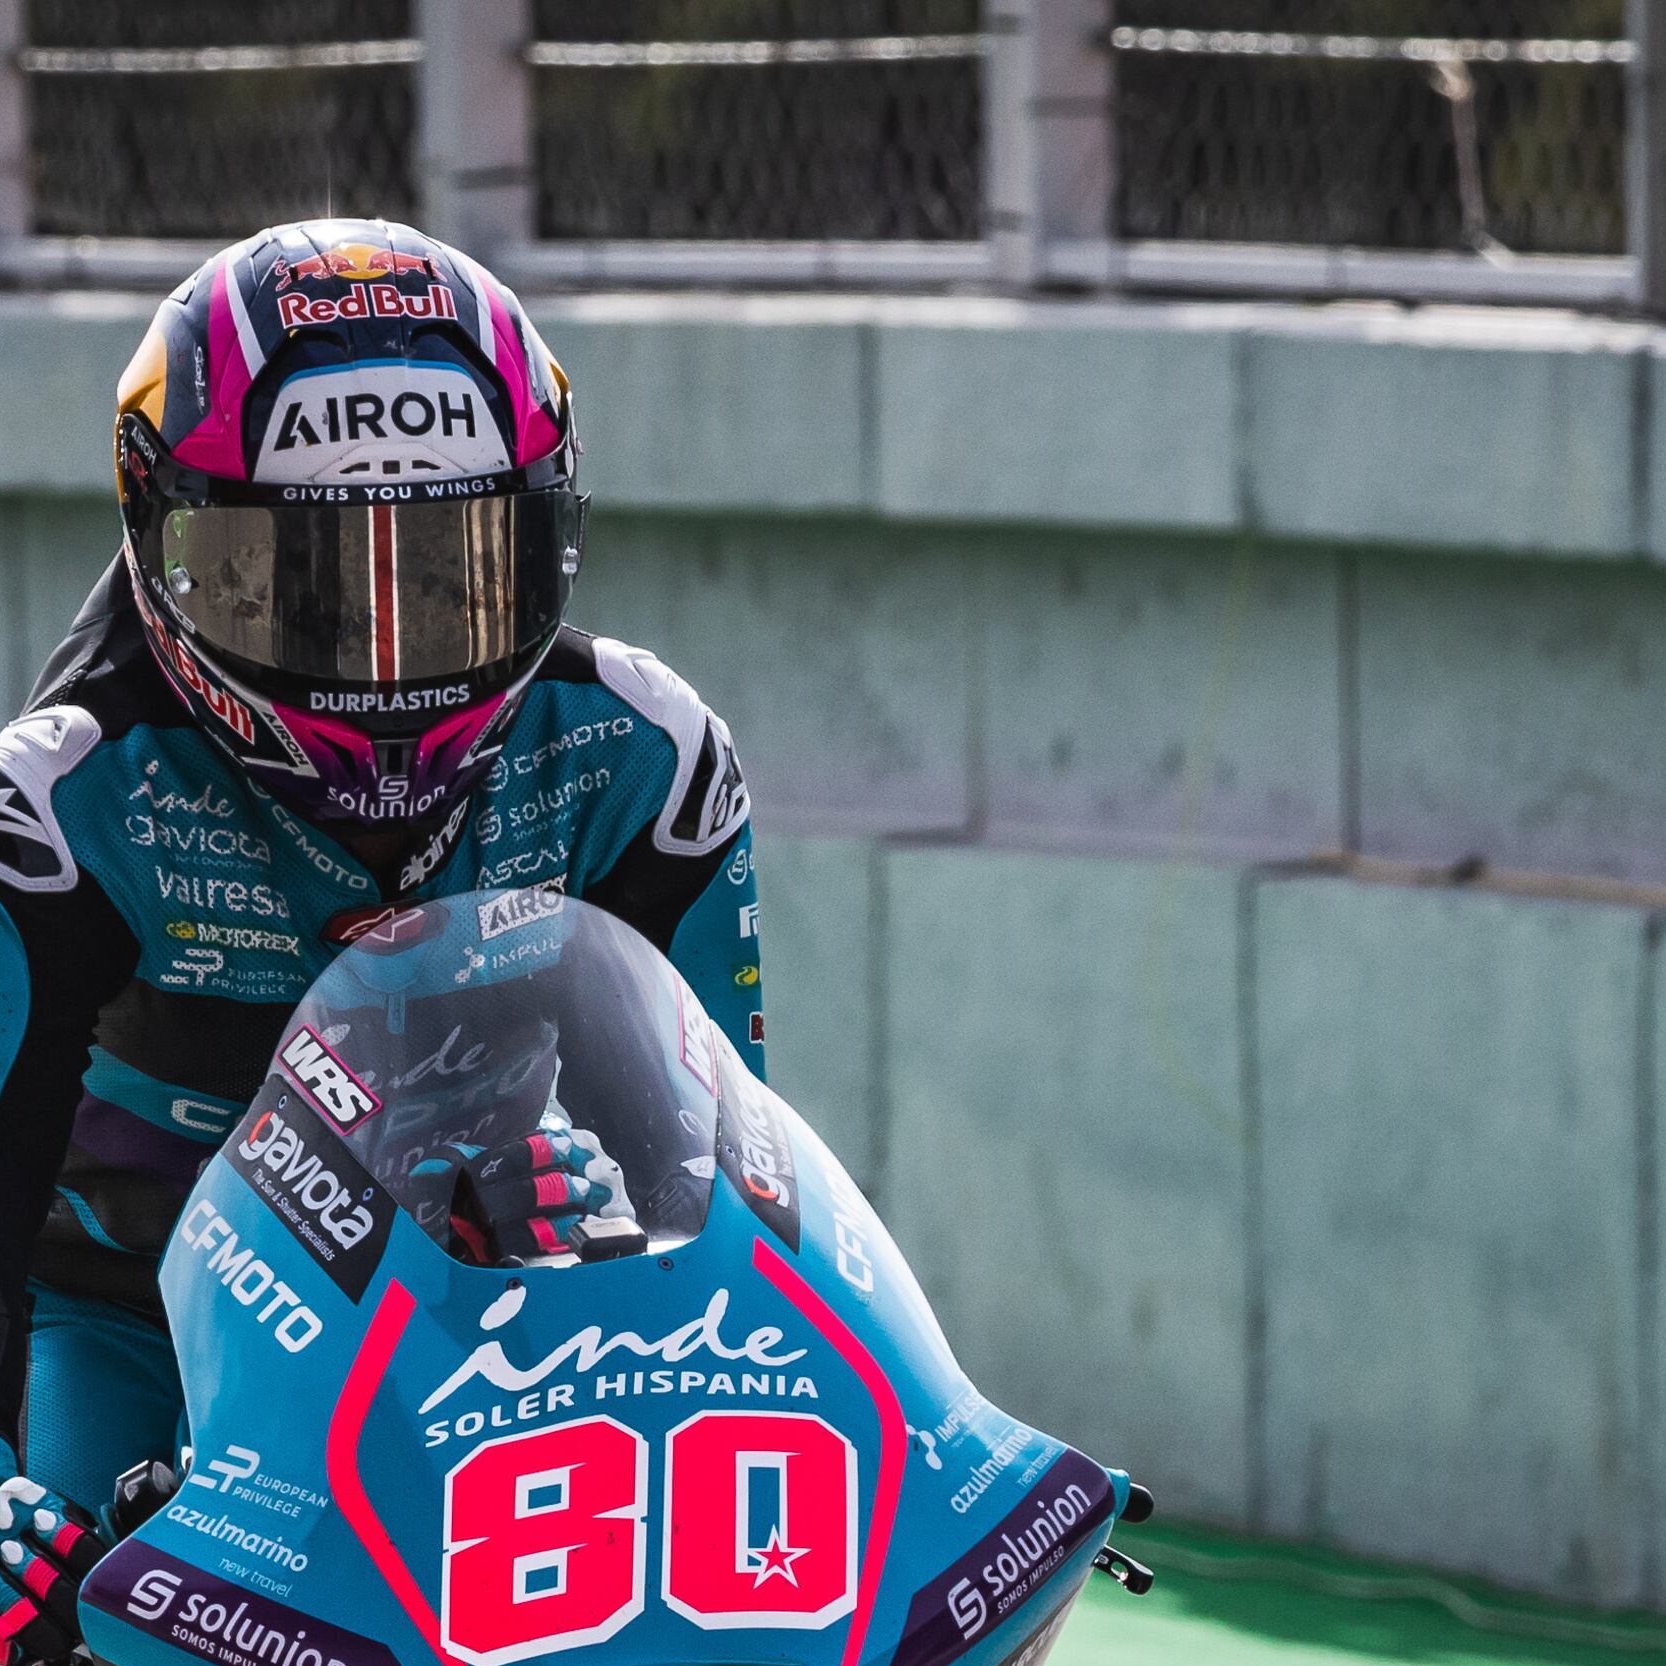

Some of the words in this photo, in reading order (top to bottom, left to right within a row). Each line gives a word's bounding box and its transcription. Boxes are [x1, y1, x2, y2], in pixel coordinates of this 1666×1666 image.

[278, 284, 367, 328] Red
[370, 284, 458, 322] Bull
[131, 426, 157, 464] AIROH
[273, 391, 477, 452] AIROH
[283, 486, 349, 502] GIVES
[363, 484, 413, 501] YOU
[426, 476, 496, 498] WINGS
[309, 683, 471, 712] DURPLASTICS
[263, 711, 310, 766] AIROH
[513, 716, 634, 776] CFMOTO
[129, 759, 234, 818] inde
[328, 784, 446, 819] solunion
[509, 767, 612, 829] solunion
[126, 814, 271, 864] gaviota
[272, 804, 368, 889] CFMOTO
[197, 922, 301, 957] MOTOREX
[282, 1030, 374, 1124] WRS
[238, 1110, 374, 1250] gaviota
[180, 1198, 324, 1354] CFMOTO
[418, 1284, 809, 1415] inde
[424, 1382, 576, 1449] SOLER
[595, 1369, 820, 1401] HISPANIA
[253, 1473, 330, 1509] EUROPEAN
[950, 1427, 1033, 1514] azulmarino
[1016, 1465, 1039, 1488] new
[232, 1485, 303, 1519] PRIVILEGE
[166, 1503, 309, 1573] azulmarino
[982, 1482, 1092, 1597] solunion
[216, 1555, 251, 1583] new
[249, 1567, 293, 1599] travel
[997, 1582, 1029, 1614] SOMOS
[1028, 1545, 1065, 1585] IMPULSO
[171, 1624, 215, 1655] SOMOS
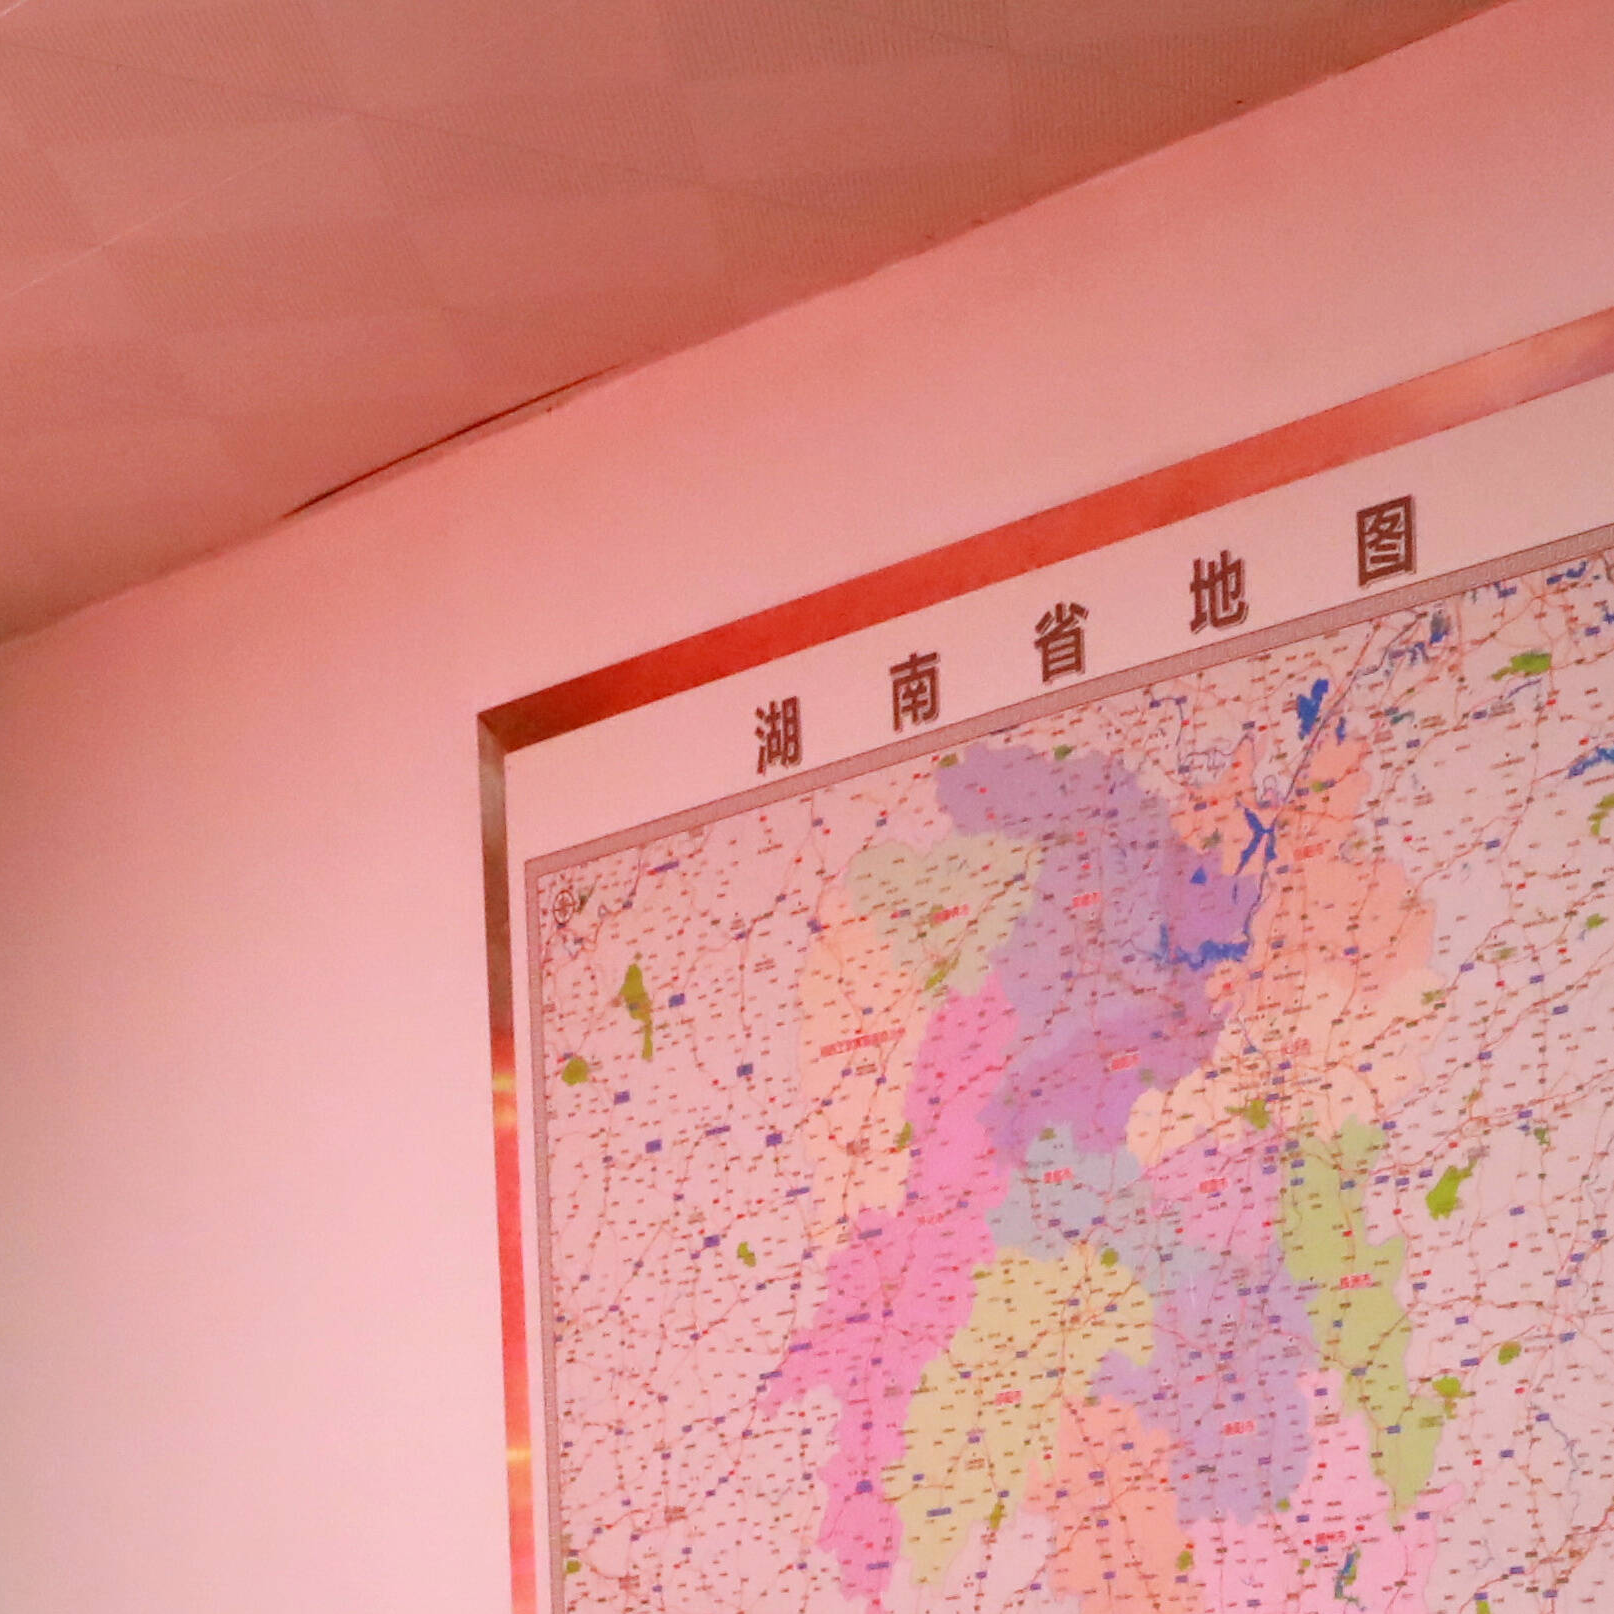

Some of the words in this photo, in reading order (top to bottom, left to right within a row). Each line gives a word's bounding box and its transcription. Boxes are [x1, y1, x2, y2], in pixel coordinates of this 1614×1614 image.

====

## What you need to do
Reproduce every entry exactly; images stay out.

## Solution
Some of the words in this photo, in reading order (top to bottom, left to right within a row). Each line gives a word's bounding box and its transcription. Boxes are [x1, y1, x2, y2], in pixel coordinates of this 1666×1666 image.

[278, 284, 367, 328] Red
[370, 284, 458, 322] Bull
[131, 426, 157, 464] AIROH
[273, 391, 477, 452] AIROH
[283, 486, 349, 502] GIVES
[363, 484, 413, 501] YOU
[426, 476, 496, 498] WINGS
[309, 683, 471, 712] DURPLASTICS
[263, 711, 310, 766] AIROH
[513, 716, 634, 776] CFMOTO
[129, 759, 234, 818] inde
[328, 784, 446, 819] solunion
[509, 767, 612, 829] solunion
[126, 814, 271, 864] gaviota
[272, 804, 368, 889] CFMOTO
[197, 922, 301, 957] MOTOREX
[282, 1030, 374, 1124] WRS
[238, 1110, 374, 1250] gaviota
[180, 1198, 324, 1354] CFMOTO
[418, 1284, 809, 1415] inde
[424, 1382, 576, 1449] SOLER
[595, 1369, 820, 1401] HISPANIA
[253, 1473, 330, 1509] EUROPEAN
[950, 1427, 1033, 1514] azulmarino
[1016, 1465, 1039, 1488] new
[232, 1485, 303, 1519] PRIVILEGE
[166, 1503, 309, 1573] azulmarino
[982, 1482, 1092, 1597] solunion
[216, 1555, 251, 1583] new
[249, 1567, 293, 1599] travel
[997, 1582, 1029, 1614] SOMOS
[1028, 1545, 1065, 1585] IMPULSO
[171, 1624, 215, 1655] SOMOS

Some of the words in this photo, in reading order (top to bottom, left to right within a row). Each line gives a word's bounding box and its transcription. Boxes are [x1, y1, x2, y2], in pixel coordinates of this 1614×1614 image.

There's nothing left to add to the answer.